Every request processed by the gateway produces a record containing:

FieldDescription
Request IDThe gateway-assigned X-Request-ID UUID
Client Request IDThe echoed X-Client-Request-ID, if provided by the client
TimestampWhen the request was received by the gateway
ModelThe model identifier specified in the request
ProviderThe upstream provider that served the response
HTTP StatusThe final HTTP status code returned to the client
LatencyTotal round-trip time from gateway receipt to completed response
Token usagePrompt tokens, completion tokens, and total tokens
Request / response bodyFull payloads, subject to the deployment's data retention settings

This data is searchable in Request Logs and is also available as OpenTelemetry span attributes in the tracing backend.
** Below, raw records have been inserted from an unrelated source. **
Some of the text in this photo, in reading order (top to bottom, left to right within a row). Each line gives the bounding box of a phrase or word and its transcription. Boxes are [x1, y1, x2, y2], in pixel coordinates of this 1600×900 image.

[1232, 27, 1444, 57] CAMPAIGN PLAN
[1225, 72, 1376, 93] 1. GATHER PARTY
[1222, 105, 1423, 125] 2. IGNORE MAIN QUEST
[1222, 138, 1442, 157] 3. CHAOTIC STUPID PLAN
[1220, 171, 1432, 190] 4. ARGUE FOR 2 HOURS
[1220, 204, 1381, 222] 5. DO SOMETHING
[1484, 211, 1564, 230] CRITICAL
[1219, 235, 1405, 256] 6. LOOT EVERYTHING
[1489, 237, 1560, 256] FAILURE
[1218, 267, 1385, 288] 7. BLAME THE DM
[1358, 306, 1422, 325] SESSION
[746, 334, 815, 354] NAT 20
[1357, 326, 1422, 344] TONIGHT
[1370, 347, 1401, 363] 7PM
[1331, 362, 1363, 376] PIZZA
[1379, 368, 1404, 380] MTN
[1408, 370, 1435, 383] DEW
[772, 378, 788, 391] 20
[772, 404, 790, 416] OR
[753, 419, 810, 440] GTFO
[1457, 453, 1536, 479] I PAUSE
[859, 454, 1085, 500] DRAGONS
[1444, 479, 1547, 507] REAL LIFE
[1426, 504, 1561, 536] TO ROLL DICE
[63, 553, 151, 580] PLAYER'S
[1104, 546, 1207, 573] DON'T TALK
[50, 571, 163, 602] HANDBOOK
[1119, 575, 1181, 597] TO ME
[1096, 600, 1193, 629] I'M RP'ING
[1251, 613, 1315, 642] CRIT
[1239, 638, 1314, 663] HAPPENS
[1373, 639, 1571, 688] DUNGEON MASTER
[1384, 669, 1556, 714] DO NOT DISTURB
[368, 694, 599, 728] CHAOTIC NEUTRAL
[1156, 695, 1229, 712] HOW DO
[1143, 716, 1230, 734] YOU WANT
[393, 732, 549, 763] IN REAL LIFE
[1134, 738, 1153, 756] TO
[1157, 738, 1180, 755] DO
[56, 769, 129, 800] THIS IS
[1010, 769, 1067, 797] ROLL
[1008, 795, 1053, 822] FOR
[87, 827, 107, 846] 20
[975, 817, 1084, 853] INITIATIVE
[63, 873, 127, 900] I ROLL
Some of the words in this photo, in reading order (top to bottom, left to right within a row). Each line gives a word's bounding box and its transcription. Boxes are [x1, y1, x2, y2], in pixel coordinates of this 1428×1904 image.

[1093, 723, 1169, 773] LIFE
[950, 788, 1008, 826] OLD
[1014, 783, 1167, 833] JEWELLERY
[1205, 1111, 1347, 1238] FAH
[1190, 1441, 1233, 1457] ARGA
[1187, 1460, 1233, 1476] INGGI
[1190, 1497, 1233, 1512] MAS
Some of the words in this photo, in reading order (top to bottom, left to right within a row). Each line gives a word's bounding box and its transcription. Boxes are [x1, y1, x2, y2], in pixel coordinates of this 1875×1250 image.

Correlating in observability tools

  • Request Logs. Search by X-Request-ID (gateway-assigned) or X-Client-Request-ID (the application's ID) to retrieve the complete request record: provider used, latency breakdown, token counts, and raw request and response payloads.
  • OTel traces. Both IDs are emitted as span attributes on every trace. Search for them in the tracing backend (Jaeger, Grafana Tempo, Honeycomb, Datadog, and others) to view the full execution path including any fallback retries.
tip

Custom application-defined headers (agent-session-id, user-id, workflow-run-id, and similar) are forwarded as OpenTelemetry span attributes. This allows traces to be grouped or filtered by any application-level concept (conversation ID, agent run, team, deployment) without affecting how the gateway routes requests.

Debugging workflow

A typical end-to-end debugging workflow using correlation IDs:

  1. Capture the response header. Log the x-request-id value from every response in the application. For error responses, also capture the response body.
  2. Search Request Logs. Paste the x-request-id value into the search field in Request Logs to retrieve the full request record: which provider was used, total latency, token counts, fallback attempts, and raw payloads.
  3. Inspect the trace. If OTel export is configured, search for the same x-request-id as a span attribute in the tracing backend to see provider-level timing and any retry hops.
  4. Join with application logs. If a custom X-Request-ID was sent, use the echoed x-client-request-id in the gateway record to join against application logs and reconstruct the full request context.